A general consensus among the legal researchers I know is that our usage of online legal research products generally falls into the 80/20 category where 80% of the usage is in primary law, and 20% of the usage is in secondary resources. However, when it comes to the contracts that we negotiate with these vendors, that type of information doesn’t really play a prominent role in what we actually pay for primary law versus secondary and third-party resources. Everything tends to get commingled into the contract, and when pieces fall out of the contract, we aren’t able to readily identify the reduced value of that contract in a way that would off-set that cost in our monthly billing.
This fact came to light earlier this week when Lexis announced that it was going to be the exclusive 3rd party distributor of ALM materials, taking that product away from the current Westlaw platform. In a series of emails that flew across law library listservs, the “exclusivity” deal spawned disgust by many librarians that because of the commingling of the primary and secondary information in their Westlaw contracts, they were going to lose this product, but not be able to point to the value by which Thomson Reuters should drop in their monthly fee because that specific information just doesn’t exist within the four walls of the contract. In addition to this insult, Lexis representatives are telling their clients that they will need to negotiate the new ALM databases as a premium add-on subscription to existing contracts. This includes those that has ALM services from Lexis’ atVantage product through 2006, but lost it to Westlaw’s “exclusive” 3rd-party contract.

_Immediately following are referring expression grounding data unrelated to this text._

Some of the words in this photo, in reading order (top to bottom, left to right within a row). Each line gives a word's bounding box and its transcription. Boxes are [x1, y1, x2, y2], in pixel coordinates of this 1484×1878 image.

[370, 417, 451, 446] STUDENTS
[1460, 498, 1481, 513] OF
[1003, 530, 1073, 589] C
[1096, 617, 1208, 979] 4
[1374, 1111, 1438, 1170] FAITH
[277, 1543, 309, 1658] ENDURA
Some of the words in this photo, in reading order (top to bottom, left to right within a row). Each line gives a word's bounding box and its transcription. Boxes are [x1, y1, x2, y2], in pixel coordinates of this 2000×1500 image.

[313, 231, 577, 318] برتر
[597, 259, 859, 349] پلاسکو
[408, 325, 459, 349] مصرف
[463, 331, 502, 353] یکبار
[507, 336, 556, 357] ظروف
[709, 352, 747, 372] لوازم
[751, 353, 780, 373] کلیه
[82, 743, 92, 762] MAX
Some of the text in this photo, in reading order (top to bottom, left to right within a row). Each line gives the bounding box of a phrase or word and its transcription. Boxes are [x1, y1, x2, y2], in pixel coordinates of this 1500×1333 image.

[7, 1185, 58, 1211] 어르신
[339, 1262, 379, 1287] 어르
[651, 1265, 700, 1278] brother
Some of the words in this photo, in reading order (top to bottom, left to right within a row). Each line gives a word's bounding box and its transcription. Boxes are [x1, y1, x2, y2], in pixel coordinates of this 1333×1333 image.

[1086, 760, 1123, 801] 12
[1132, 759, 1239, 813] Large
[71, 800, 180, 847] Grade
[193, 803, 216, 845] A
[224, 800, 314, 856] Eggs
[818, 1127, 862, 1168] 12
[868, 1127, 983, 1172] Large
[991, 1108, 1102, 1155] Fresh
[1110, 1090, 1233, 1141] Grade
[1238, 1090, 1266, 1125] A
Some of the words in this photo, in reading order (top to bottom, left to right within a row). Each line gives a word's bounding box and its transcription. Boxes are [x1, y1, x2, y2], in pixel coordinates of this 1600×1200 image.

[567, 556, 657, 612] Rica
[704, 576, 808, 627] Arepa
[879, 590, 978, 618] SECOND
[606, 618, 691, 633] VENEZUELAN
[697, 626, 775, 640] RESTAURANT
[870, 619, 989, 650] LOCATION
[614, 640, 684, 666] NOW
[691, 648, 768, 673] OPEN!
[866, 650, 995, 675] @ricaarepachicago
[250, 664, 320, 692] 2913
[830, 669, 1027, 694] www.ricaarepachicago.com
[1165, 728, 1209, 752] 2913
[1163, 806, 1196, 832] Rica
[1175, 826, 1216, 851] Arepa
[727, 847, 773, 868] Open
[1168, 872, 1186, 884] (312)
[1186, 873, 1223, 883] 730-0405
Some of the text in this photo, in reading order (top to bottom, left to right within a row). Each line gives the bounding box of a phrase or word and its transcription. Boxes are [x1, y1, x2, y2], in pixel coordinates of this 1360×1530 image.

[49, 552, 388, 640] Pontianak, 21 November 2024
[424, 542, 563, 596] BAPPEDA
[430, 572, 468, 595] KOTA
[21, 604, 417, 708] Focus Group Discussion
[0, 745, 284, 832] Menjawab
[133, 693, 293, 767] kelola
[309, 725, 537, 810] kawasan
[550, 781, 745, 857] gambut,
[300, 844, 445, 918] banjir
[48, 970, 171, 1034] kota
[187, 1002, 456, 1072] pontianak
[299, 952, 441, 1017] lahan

I’ve been working on an article recently on Primary Law as a Commodity, and one of the issues that keeps poking its head up in my research is that our quest for stability in pricing (where our monthly charges are set at X dollars for all “in contract” services) has led to such a commingling of resources that we cannot realistically identify what a source actually costs us. So, when something like this happens (ALM’s exit from one service into another) we cannot point to our contracts and say “ALM cost us $Y a month, so we now want to pay $X -$Y going forward.”
The ironic piece of this whole process is that many firms have a pricing list set up for how much they charge their clients for the use of these specific databases, but don’t seem to be able to clearly point out to the vendor what that value is when it is removed from the product. So, do we blame the vendors for commingling all these resources together, or do we blame ourselves for giving us the consistency in pricing that we asked for?
The real issue with these exclusive third-party distribution deals is that you will probably see more and more of them in the near future. The reason? To keep you from going with a single-vendor provider. If you are fearful that the resources you need are going to flip-flop from one vendor to the other, you will be less likely to try to put all of your eggs in one basket.
Am I wrong in assuming the worst? Do you see more of these “exclusive 3rd-party” distributor deals causing resources to shift back and forth from one major to another? Does this make your more hesitant to rely upon a single provider?